Fraud abounds throughout the holidays and into tax season, which starts after New Year’s Day, according to Sam Horowitz, UC Santa Barbara’s chief information security officer.
“Everyone is a potential victim,” Horowitz noted in a reminder to the campus community. “You can protect yourself and your family by following simple cybersecurity practices at work and home.”
Here are some tips and resources to stay informed and stay cyber-safe all season long:
• Good security starts with basic practices, such as using good passwords and keeping your antivirus and computer software updated. Find more information on the UCSB security website at https://www.it.ucsb.edu/security.
• The holidays are a time of charitable giving and, unfortunately, the time when philanthropic fraud is the highest. The Federal Trade Commission provides great resources and advice to help you better understand how to donate safely at https://consumer.ftc.gov/features/how-donate-wisely-and-avoid-charity-scams.
• Tax season is right around the corner, and despite beefed up security measures on online filing, criminals are still able to bilk millions out of unsuspecting taxpayers. The IRS offers guidance on how best to protect yourself at https://www.irs.gov/newsroom/tax-scamsconsumer-alerts.

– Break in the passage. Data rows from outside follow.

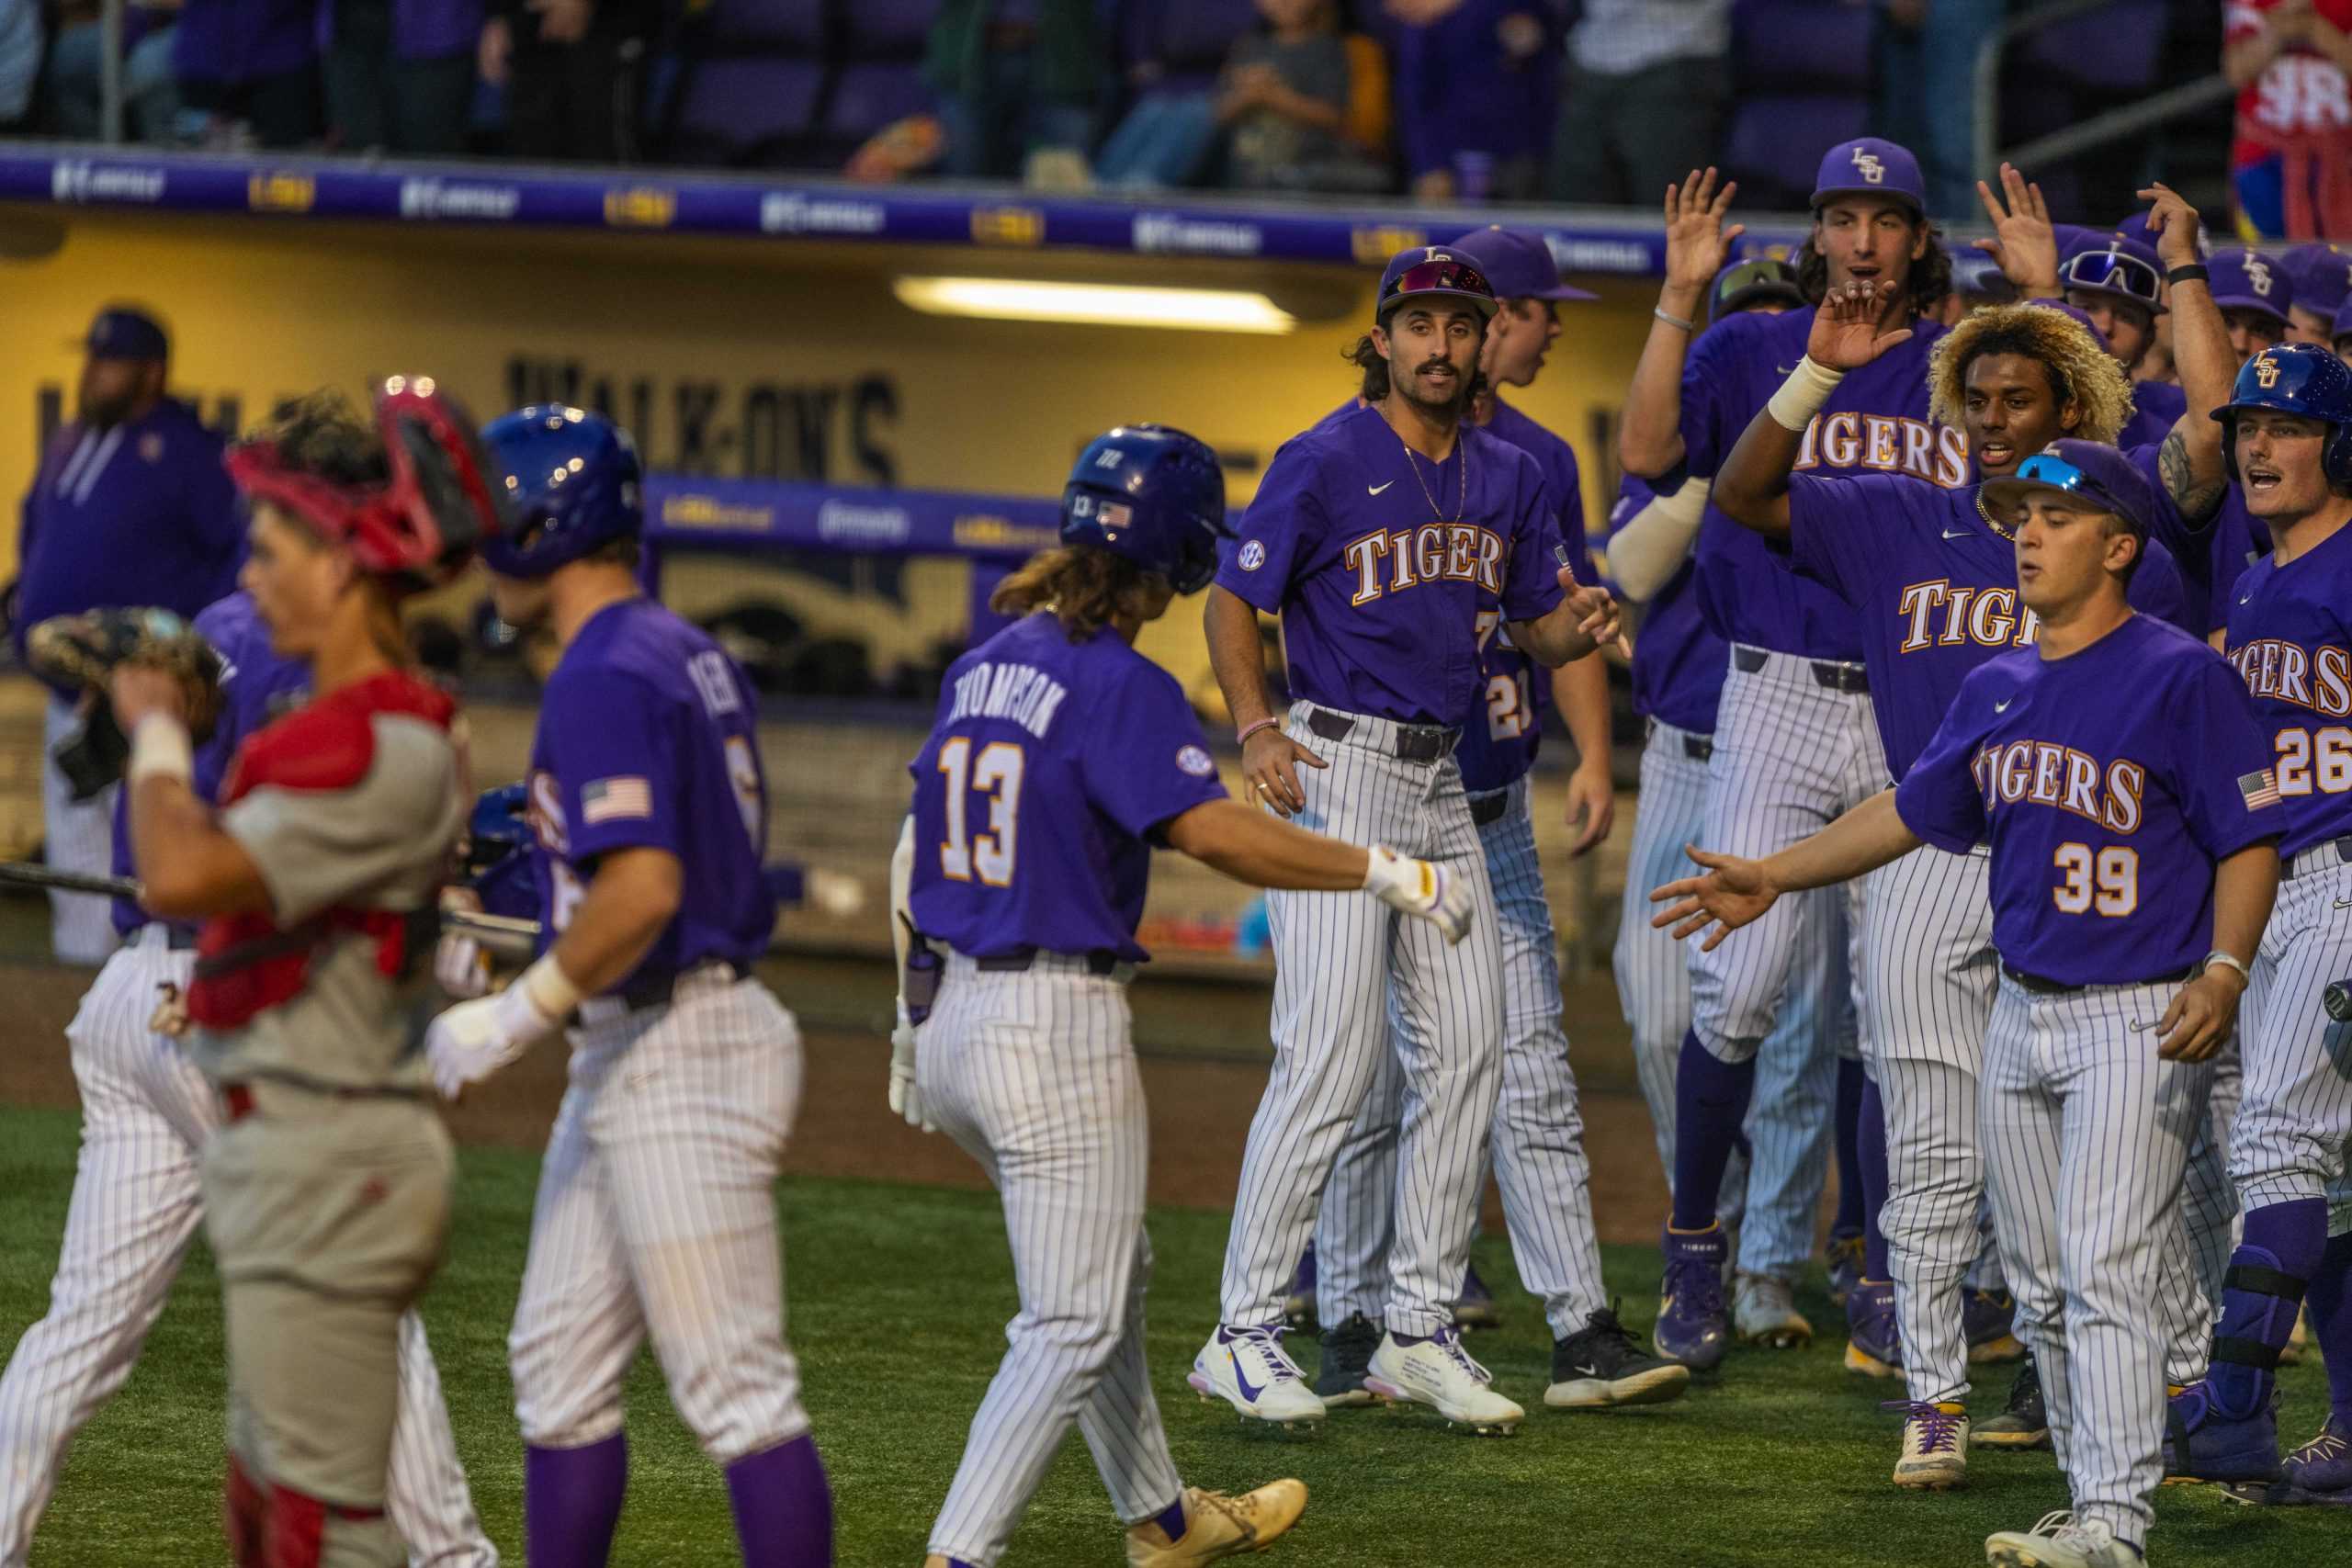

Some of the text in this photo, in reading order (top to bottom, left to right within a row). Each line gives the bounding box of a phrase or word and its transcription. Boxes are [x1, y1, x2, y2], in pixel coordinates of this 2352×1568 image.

[1851, 147, 1885, 184] LSU
[2242, 253, 2273, 295] LSU
[2254, 350, 2280, 389] LSU
[1792, 412, 1970, 489] IGERS
[1345, 522, 1515, 607] TIGER
[2227, 639, 2352, 716] GERS
[2275, 727, 2352, 797] 26
[939, 736, 1024, 887] 13
[2053, 842, 2139, 917] 39

Horowitz also encouraged caution when clicking links, noting key things to look for in messages from any source.
“I put the entire URLs into my messages,” he said. “You can see the full URL and you don't have to click them. You can cut and paste them into your browser. Second, all of my links are secure HTTPS links. When you go to a website, you'll see the lock symbol. You can click on the lock to see who owns the site. Finally, you can test all links regardless of their source using a service called Virus Total at https://virustotal.com. Click the tab labeled ‘URL’ and paste a link in the search box. More than two dozen antivirus engines will scan the website looking for malware. You'll get a report card showing any companies that find something wrong. It's an excellent tool to use anytime you're suspicious of a URL from any source. Even from me.
“I like hearing about people that spot a scam and don't fall for it,” Horowitz said. “While I don't like hearing about victims, I do try to keep track of reports that may show signs of a widespread problem across campus.”